Да, это действительно так. Компромиссная линия была необходима, чтобы снимать напряжение в моменты серьезных обострений. Так было в сентябре и декабре 1990 года, а потом весной 1991 года, когда в воздухе звучали призывы: „Долой Генсека! Долой Президента!". Причем призывы следовали с разных сторон. Приходилось строить линию поведения в расчете на то, чтобы создать условия для закрепления реформ, для того чтобы общество прониклось ими и обрело силы защищать их. Как раз в такой острой ситуации Президент СССР и руководители 9 республик собрались в Ново-Огареве и выступили с известным теперь и сыгравшим незаменимую роль совместным заявлением. Ново-Огаревский процесс вывел общество на новое понимание необходимости согласия в стране. Повторяю: моя задача все эти годы была — сохранить и спасти политический курс перестройки. В этих целях, я считал, необходимо быстрее двигаться к Союзному договору, осуществлять радикальные экономические преобразования, реформирование партии.

Проект Союзного договора был готов к подписанию. А 20 августа в Георгиевском зале Кремля его намерены были подписать делегации шести республик. В качестве Президента страны я Должен был выступить с речью.
На 21 августа назначил заседание Совета Федерации — для обсуждения плана радикализации реформ, вопросов продовольствия, топлива, финансовой стабилизации и т.д.
Словом, речь шла о глубоком и решительном демократическом прорыве на главных направлениях преобразований, о переходе на новый их уровень, где людям, не желавшим или не способным оторваться от командно-административного образа мысли и действий, места уже не было. Заговорщики увидели, что их время быстро уходит. И выбрали именно этот момент для своей авантюры. Путч явился реакцией на ново-огаревский процесс и его важнейший итог — Договор о Союзе Суверенных Государств.
СТАТЬЯ, НАПИСАННАЯ В ФОРОСЕ
 
Два вопроса сейчас волнуют общество. Они — в центре публицистики, научных дискуссий, страстных споров в партийной и обыденной среде. Постоянно присутствуют в политической борьбе. Мучительный поиск ответа на них отражает то смутное, переходное время, которое переживает страна.
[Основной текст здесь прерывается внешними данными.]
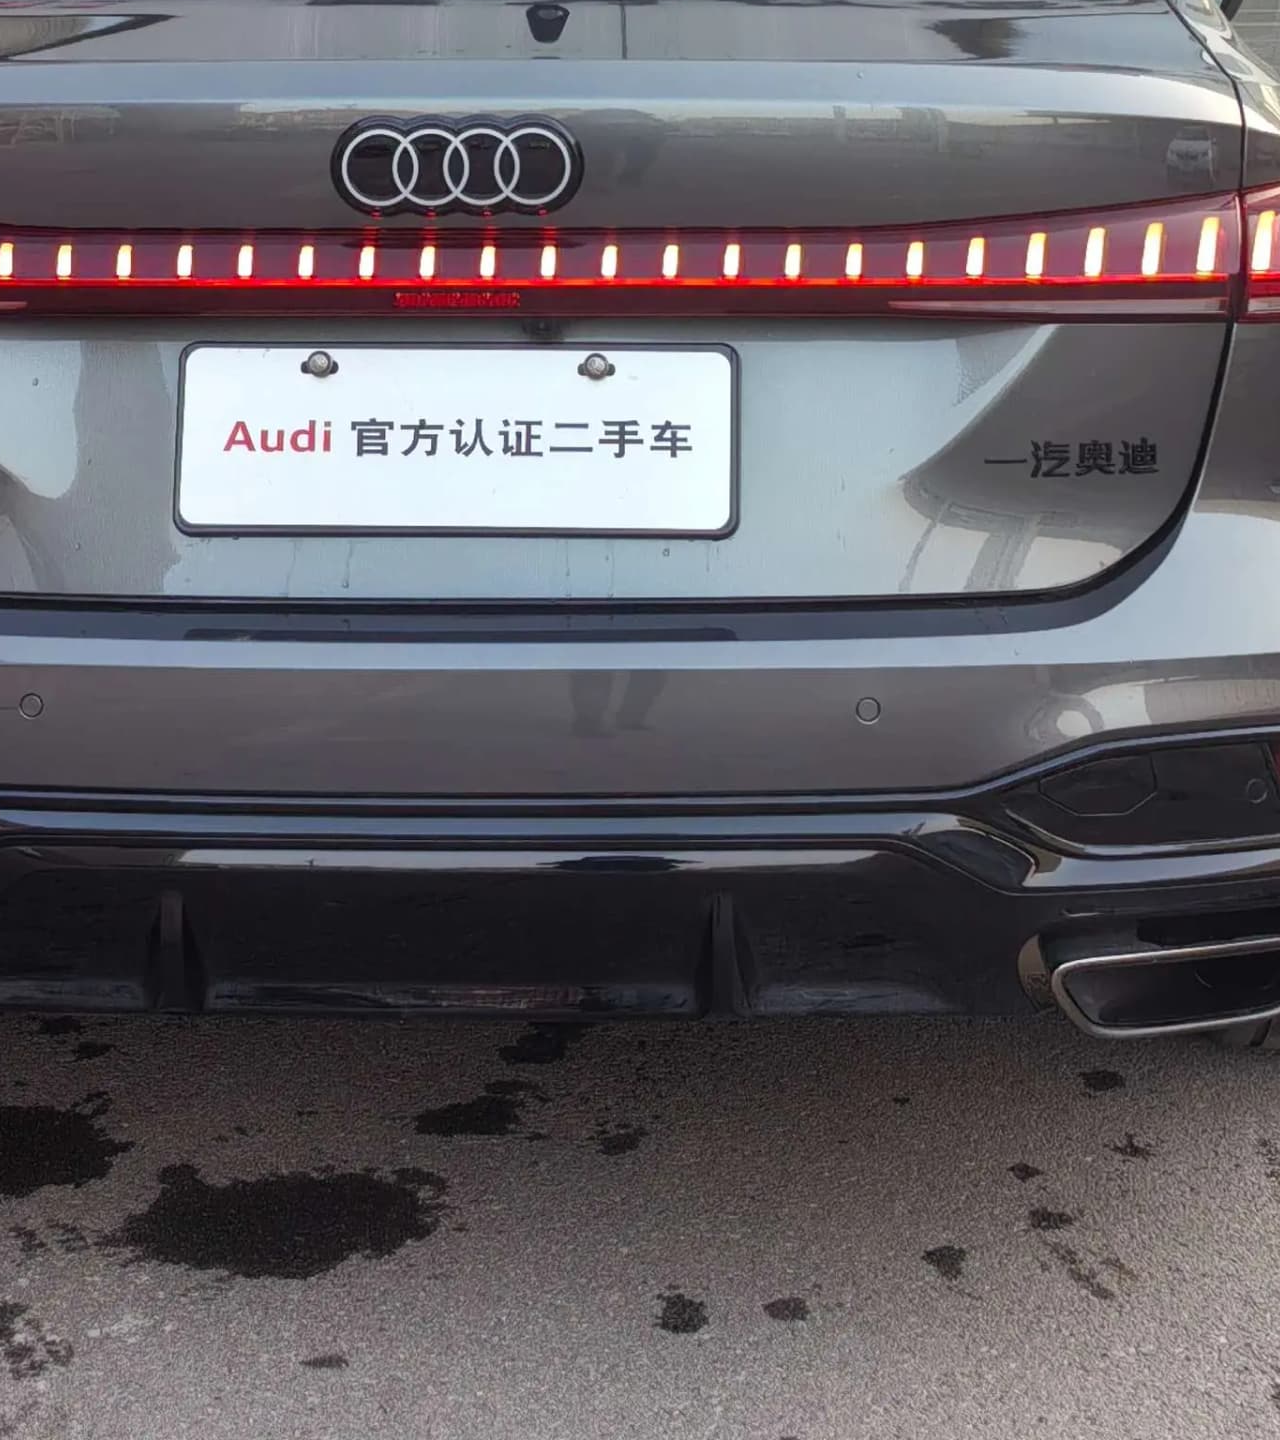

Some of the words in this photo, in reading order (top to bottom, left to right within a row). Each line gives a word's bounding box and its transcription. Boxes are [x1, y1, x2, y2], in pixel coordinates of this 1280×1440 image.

[223, 419, 333, 453] Audi
[350, 417, 693, 458] 官方认证二手车
[983, 436, 1159, 478] 一汽奥迪
Первый. Нужна ли была обществу перестройка или это роковая ошибка? Какие ее истинные цели? Что такое обновление государства? Надо ли было начинать столь рискованные преобразования?
Второй. Как достичь целей перестройки, раз уж ее начали? Какую политику вести в обстановке экономического кризиса, опасных проявлений дезинтеграции и хаоса, страхов за завтрашний день?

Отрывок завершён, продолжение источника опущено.